- Opening Delimiter -

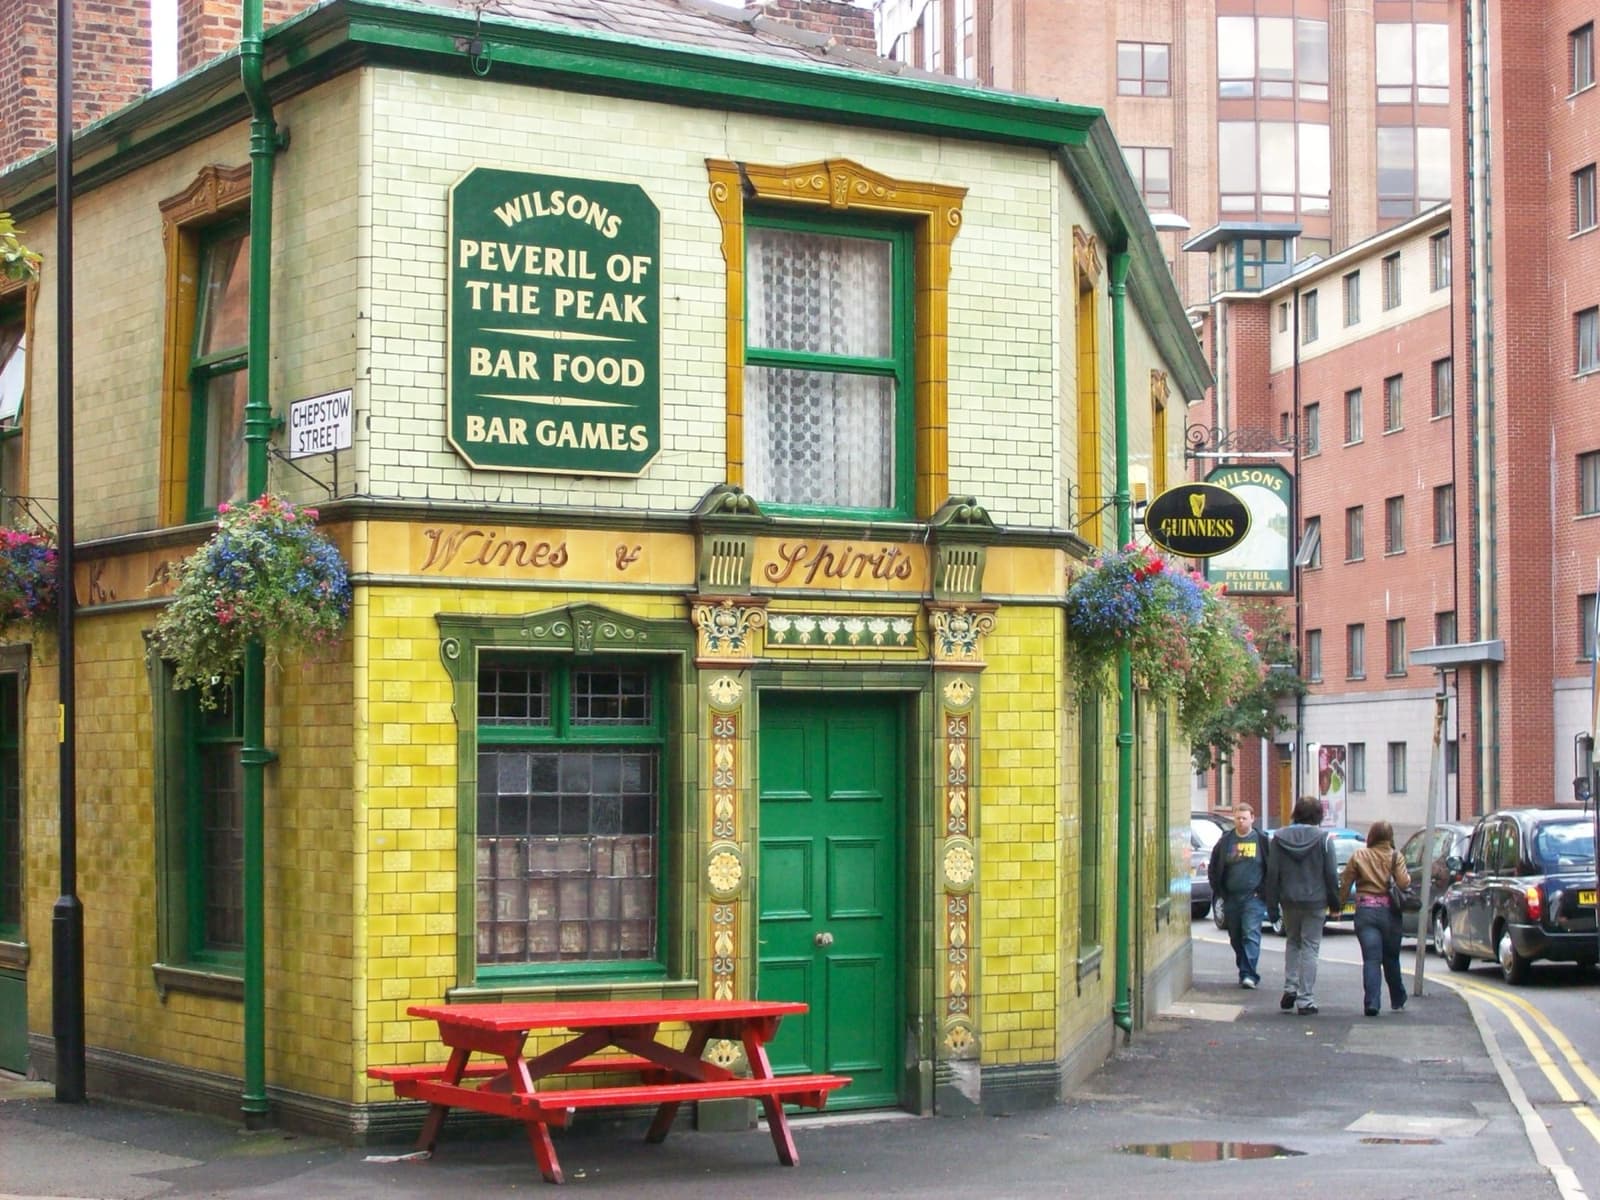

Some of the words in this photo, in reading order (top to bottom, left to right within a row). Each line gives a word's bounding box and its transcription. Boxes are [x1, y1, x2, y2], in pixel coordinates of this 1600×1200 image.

[494, 189, 622, 239] WILSONS
[459, 239, 597, 280] PEVERIL
[606, 254, 651, 284] OF
[465, 281, 540, 314] THE
[555, 288, 648, 324] PEAK
[469, 347, 540, 380] BAR
[553, 353, 645, 387] FOOD
[292, 395, 350, 428] CHEPSTOW
[299, 424, 340, 452] STREET
[466, 415, 529, 445] BAR
[535, 420, 649, 452] GAMES
[1212, 470, 1283, 491] WILSONS
[1161, 518, 1234, 537] GUINNESS
[421, 526, 569, 572] Wines
[615, 543, 642, 572] &
[764, 539, 912, 584] Spirits
[1226, 571, 1270, 580] PEVERIL
[1232, 581, 1253, 591] THE
[1255, 581, 1283, 591] PEAK
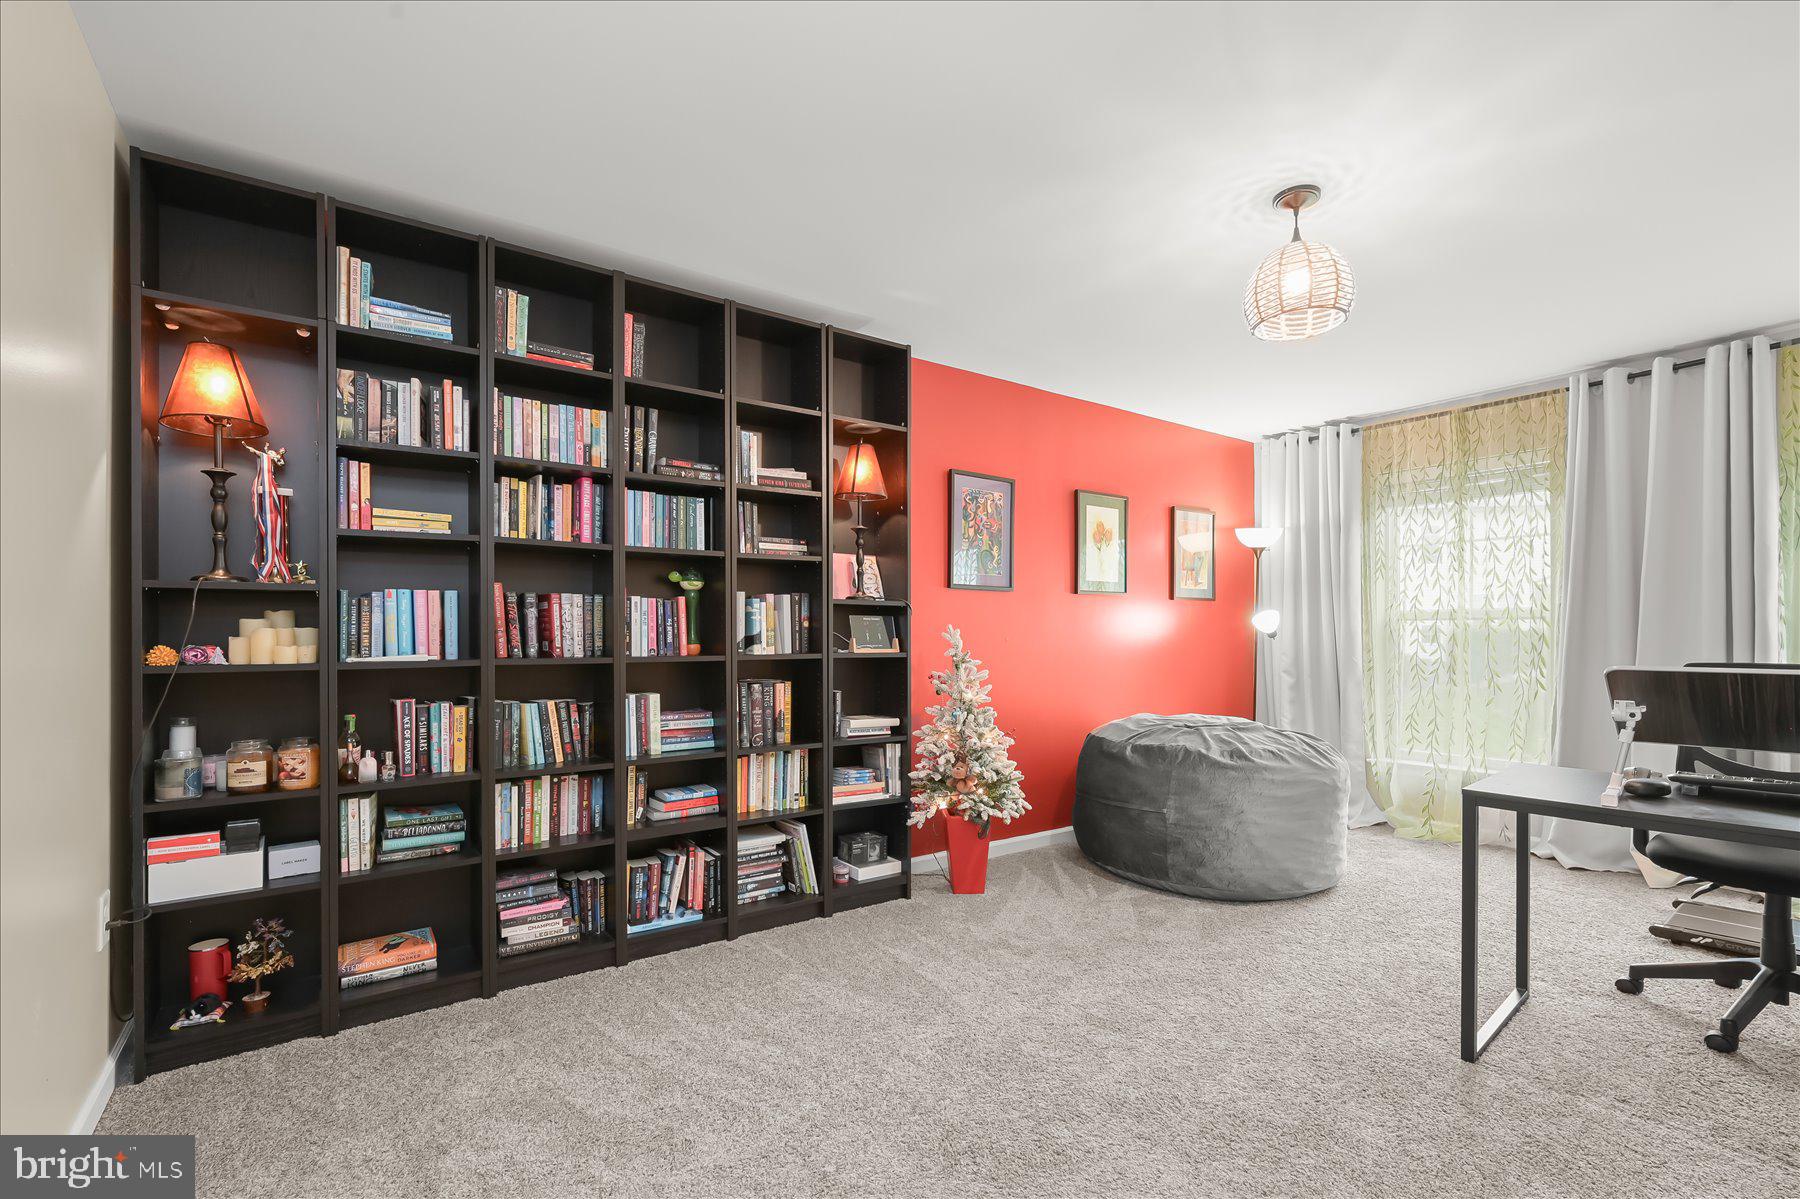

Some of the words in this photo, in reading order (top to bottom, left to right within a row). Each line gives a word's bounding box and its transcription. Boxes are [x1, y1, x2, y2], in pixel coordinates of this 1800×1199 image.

[374, 322, 394, 330] COLLEEN
[394, 325, 411, 333] HOOVER
[356, 393, 366, 415] LOCKE
[507, 603, 518, 620] FIVE
[360, 612, 370, 633] STEPHEN
[360, 634, 370, 647] KING
[509, 623, 520, 648] SURVIVE
[403, 715, 412, 729] ACE
[403, 729, 412, 739] OF
[419, 721, 428, 752] SIMILARS
[403, 739, 412, 765] SPADES
[527, 912, 560, 922] PRODIGY
[527, 921, 560, 931] CHAMPION
[534, 928, 564, 938] LEGEND
[397, 954, 421, 963] DARKER
[341, 961, 375, 974] STEPHEN
[375, 957, 396, 967] KING
[402, 962, 427, 973] NEVER

- Closing Delimiter -

YOUR GOAL: There is a line above that contains "this 1800×1199 image.". Copy it and all later lines through the last, exactly, and leave out the rest.

YOUR RESPONSE:
Some of the words in this photo, in reading order (top to bottom, left to right within a row). Each line gives a word's bounding box and its transcription. Boxes are [x1, y1, x2, y2], in pixel coordinates of this 1800×1199 image.

[374, 322, 394, 330] COLLEEN
[394, 325, 411, 333] HOOVER
[356, 393, 366, 415] LOCKE
[507, 603, 518, 620] FIVE
[360, 612, 370, 633] STEPHEN
[360, 634, 370, 647] KING
[509, 623, 520, 648] SURVIVE
[403, 715, 412, 729] ACE
[403, 729, 412, 739] OF
[419, 721, 428, 752] SIMILARS
[403, 739, 412, 765] SPADES
[527, 912, 560, 922] PRODIGY
[527, 921, 560, 931] CHAMPION
[534, 928, 564, 938] LEGEND
[397, 954, 421, 963] DARKER
[341, 961, 375, 974] STEPHEN
[375, 957, 396, 967] KING
[402, 962, 427, 973] NEVER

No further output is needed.